The regulation did, however, contain exceptions: seal products from traditional Inuit or Indigenous hunts (for subsistence, not profit) and personal-use imports by travellers, strictly certified and tightly controlled. In 2015, the rules were further refined to comply with the World Trade Organisation rulings in the EC–Seal Products dispute.
Why the Ban Was (and Still Is) Powerful
The effect was immediate. Europe’s commercial seal-fur market closed almost overnight. Public opinion remains firmly supportive, seeing the ban as a moral victory and a protective barrier for seals. Conservationists estimate that nearly five million seals in Canada alone have been spared thanks to the collapse of demand.
The Effect on Indigenous Communities
But for balance, here’s the opposing argument: the ban impacted traditional communities. Inuit hunters in Greenland and Canada lost income from seal products. Even though the “Indigenous exemption” exists, the ban impacted those subsistence economies. In Greenland, the lucrative seal fur trade dwindled, shrinking the operations of local businesses like Great Greenland Furhouse and costing many hunters earnings.

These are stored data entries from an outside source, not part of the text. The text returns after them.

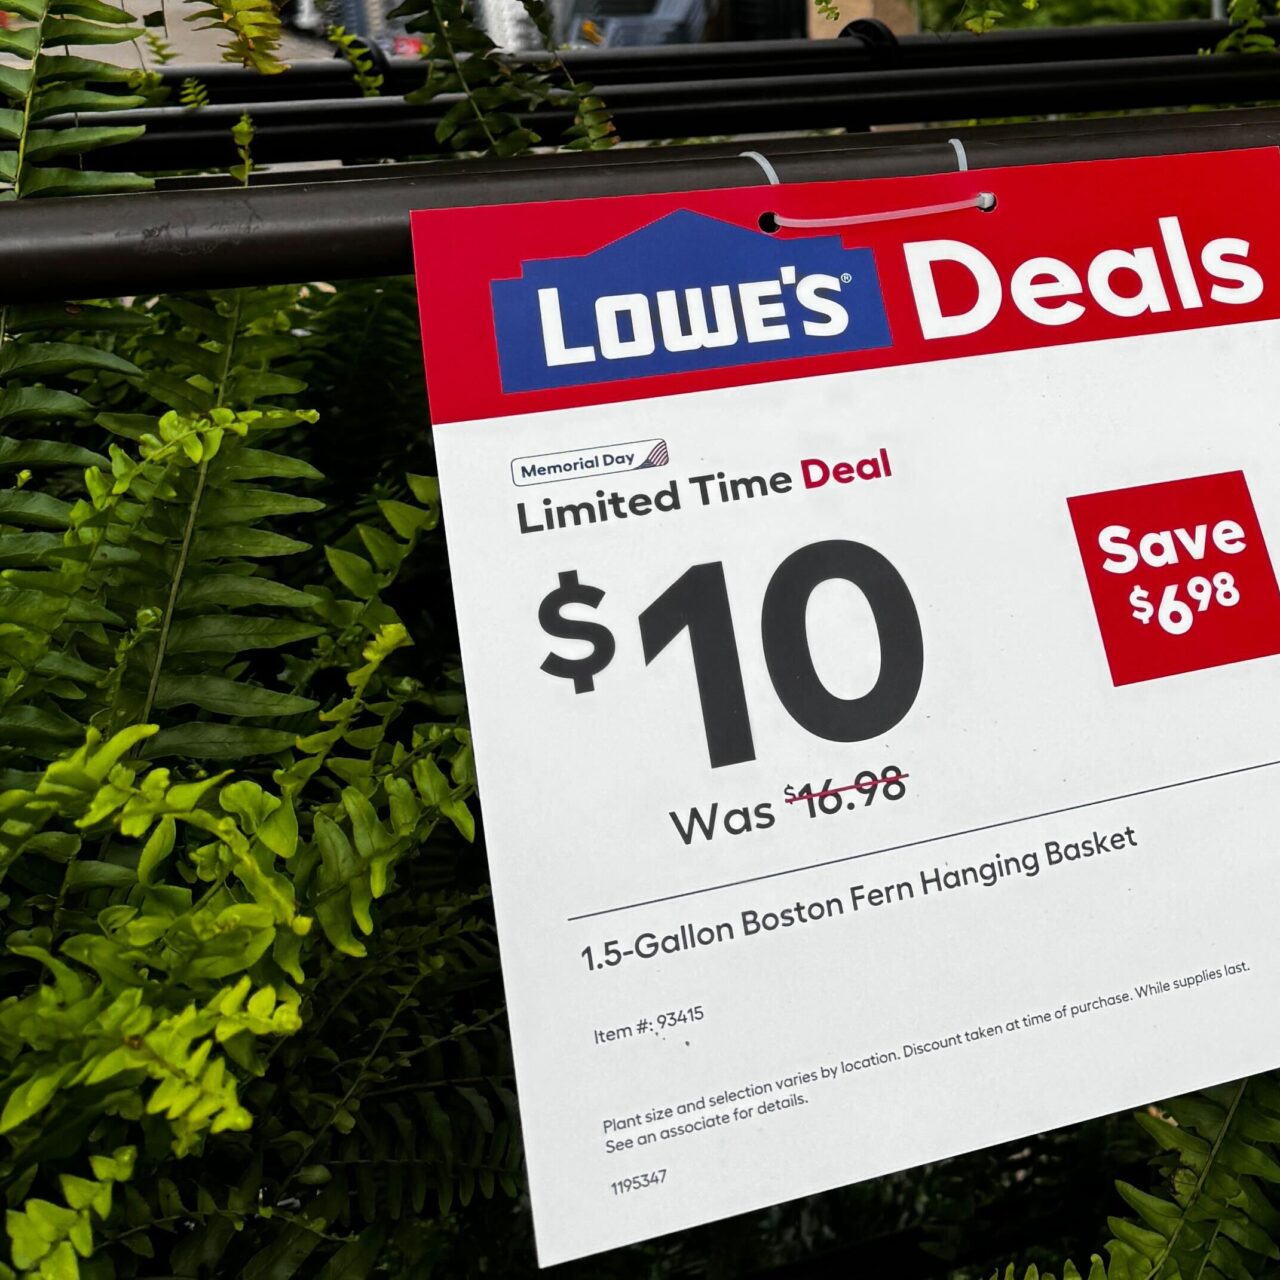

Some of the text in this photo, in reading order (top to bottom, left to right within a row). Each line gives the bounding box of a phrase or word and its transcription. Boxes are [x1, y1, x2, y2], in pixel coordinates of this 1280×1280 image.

[902, 215, 1264, 341] Deals
[516, 447, 893, 535] Limited Time Deal
[520, 453, 635, 479] Memorial Day
[1098, 519, 1248, 576] Save
[537, 539, 926, 770] $10
[668, 764, 910, 846] Was $16.98
[580, 825, 1138, 972] 1.5-Gallon Boston Fern Hanging Basket
[593, 1026, 633, 1045] Item
[658, 1005, 705, 1029] 93415
[602, 961, 1251, 1135] Plant size and selection varies by location. Discount taken at time of purchase. While supplies last.
[605, 1093, 809, 1154] See an associate for details.
[610, 1168, 667, 1196] 1195347

Yet this ban came into force over 40 years ago. It stretches credibility to suggest that these communities have spent the ensuing decades pinning their future economic prosperity on the EU reversing such an iconic ban. It’s almost certainly the case that artisan carvers in China were affected when the Ivory trade ban came in. But they moved on to carve other things rather than sit around hoping that the ivory trade might begin again.

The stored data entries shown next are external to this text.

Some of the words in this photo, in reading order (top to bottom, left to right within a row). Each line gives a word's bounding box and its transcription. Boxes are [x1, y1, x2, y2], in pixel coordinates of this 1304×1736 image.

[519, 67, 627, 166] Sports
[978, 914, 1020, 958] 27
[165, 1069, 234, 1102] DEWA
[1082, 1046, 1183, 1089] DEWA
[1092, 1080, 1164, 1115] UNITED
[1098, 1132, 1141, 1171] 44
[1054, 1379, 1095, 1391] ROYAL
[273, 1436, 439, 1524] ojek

If the EU does pay any lip-service to this argument, it would be shameless hypocrisy. The ban was imposed because the trade was cruel, and any relaxation - even limited - risks legitimising that cruelty and opening a Pandora’s Box of copycat arguments.
There is a telling parallel closer to home. The cruel farming of animals for fur was banned in the UK nearly 30 years ago, but the import and sale of fur remains legal. So what we’ve banned on the grounds of cruel production and public indignation at home, we continue to ship in from overseas.
Why the EU Is Now Taking a Fresh Look
In May 2024, the European Commission launched a “Fitness Check” of the existing seal-trade regulations. This multi-year review aims to weigh up socio-economic impacts, particularly on Indigenous livelihoods, and test whether the rules are still fair and effective. The detailed report is expected later this year.
NGOs like PETA and IFAW are already campaigning hard to keep the ban intact, while Nordic and Greenlandic voices point to cultural preservation, income, sustainability and balance.
Politically, this is the first time in six decades that the EU has openly contemplated reversing - even partially - a high-profile ban rooted in animal welfare. And at a time when individual EU nations are acting to ban the import of hunting trophies, keeping of animals in circuses, embedding animal welfare in national constitutions.
What’s Likely Down the Road?
Any adjustment is likely to focus on loosening the Indigenous exemption or expanding certification, rather than a wholesale rollback. But history shows how such arguments can be camouflaged with all the duplicity of a Trojan Horse.
Should we expect similar arguments now from “traditional communities” in Norway or Namibia that still hunt seals and would dearly love to find new markets for their products too? Any scaling back of this hard-won ban could open the door not just for seal skin products, but potentially many others as well.